How We Started With On-device Speech Recognition: The Story of Keen Research
How the Frustration of Teaching Multiplication Facts Led to a New Force in On-Device Speech RecognitionAuthor: Ognjen Todic | September 14, 2022
It all began about six years ago when a friend jokingly complained to me about the repetitive chore of helping his daughter practice her multiplication facts. “Why isn’t there an app for that?” he asked. That got me thinking. I began toying with prototypes for just such an app – a voice-enabled solution that would quiz a learner on multiplication tasks using a mobile phone or tablet. Among other things, the app would have to run anywhere without internet connection – meaning, it would need on-device speech recognition capabilities.
After a couple of months, the multiplication app was in the App Store. That’s when a realization hit me: many developers would likely face the same challenge, yet there was no good solution on the market for on-device speech recognition.
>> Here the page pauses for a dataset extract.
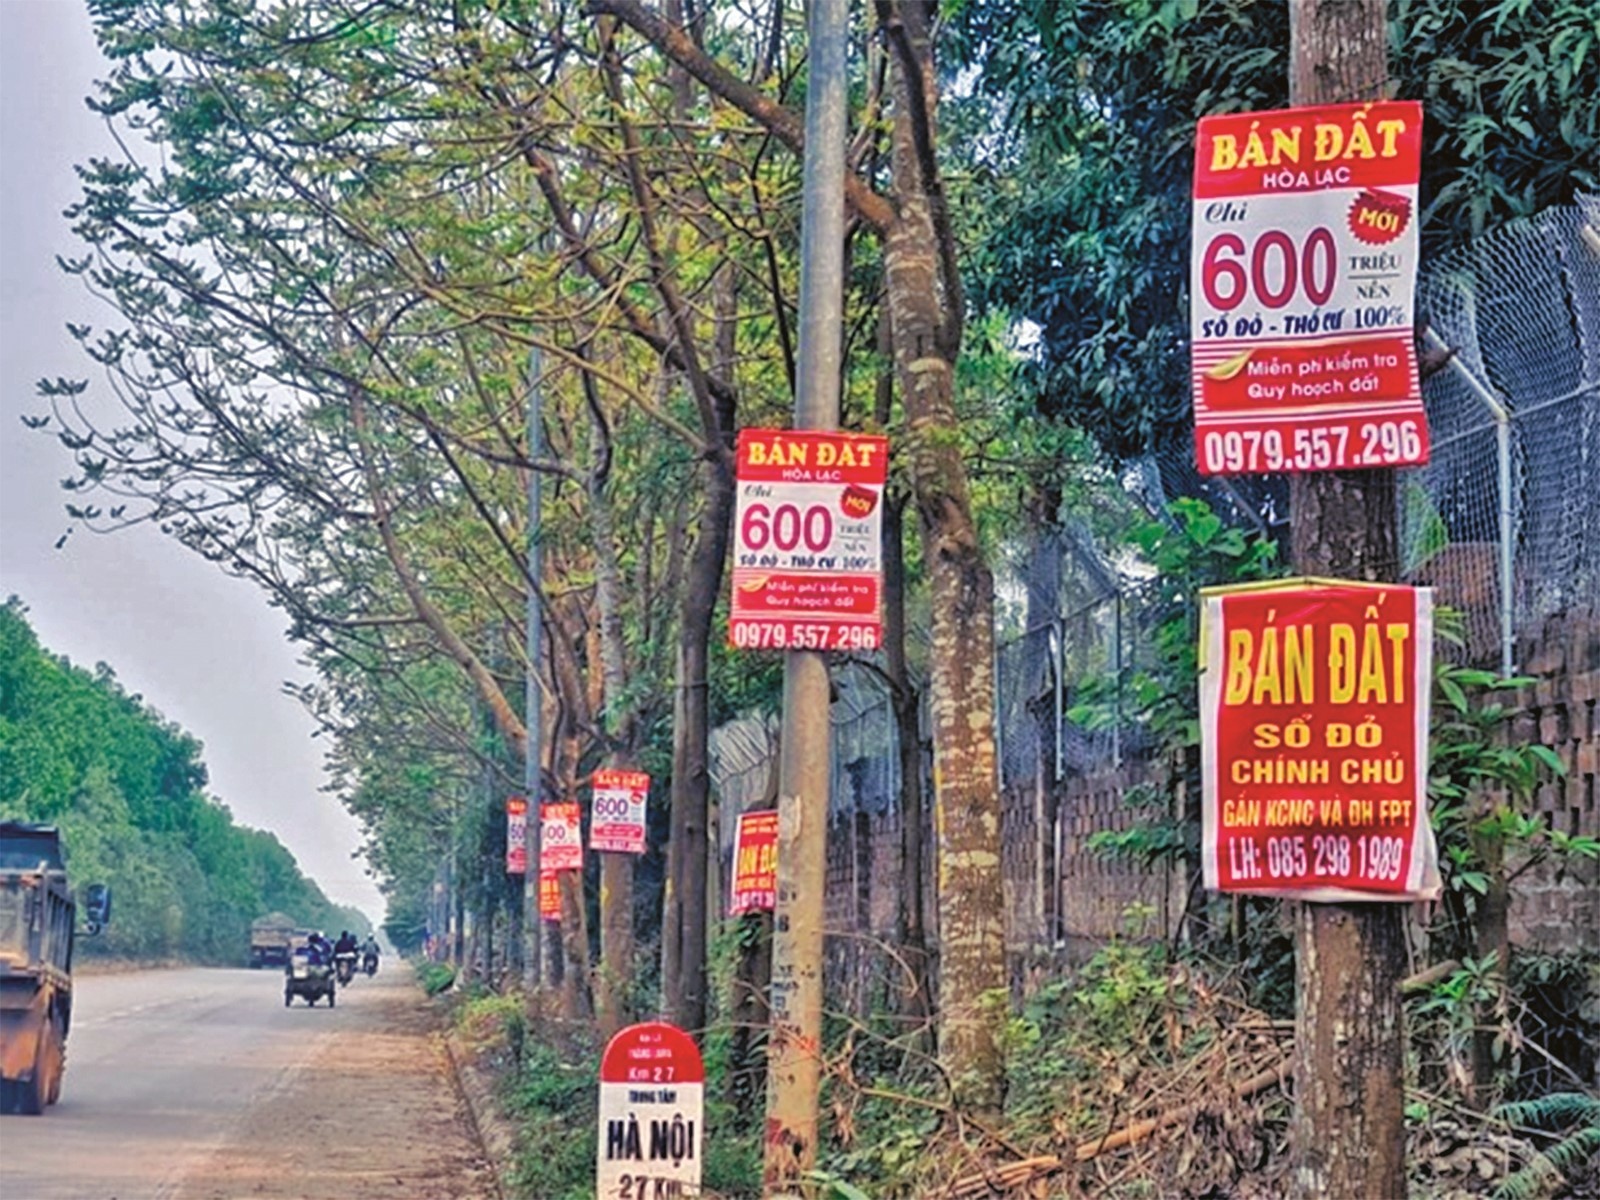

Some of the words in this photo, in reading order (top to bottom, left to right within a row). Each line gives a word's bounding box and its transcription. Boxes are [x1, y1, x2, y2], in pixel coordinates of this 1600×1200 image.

So I decided – then and there – to build my own.
By that time, I’d already had a good deal of experience in speech recognition. Beginning in the late 1990s, I’d spent years working in speech recognition-related R&D roles at Entropic Research Lab, and Ordinate Corporation (now part of Pearson).
I took a deep dive into recent advancements in speech recognition technology, including the use of deep neural networks, and before too long I had a working iOS prototype of what eventually became the KeenASR SDK. What began as a fun engineering challenge – could I build a working offline speech recognition system for mobile devices? – became something much more significant when I considered the ramifications.
An effective on-device speech recognition SDK would be able to:
- allow applications to run in locations without reliable Internet access.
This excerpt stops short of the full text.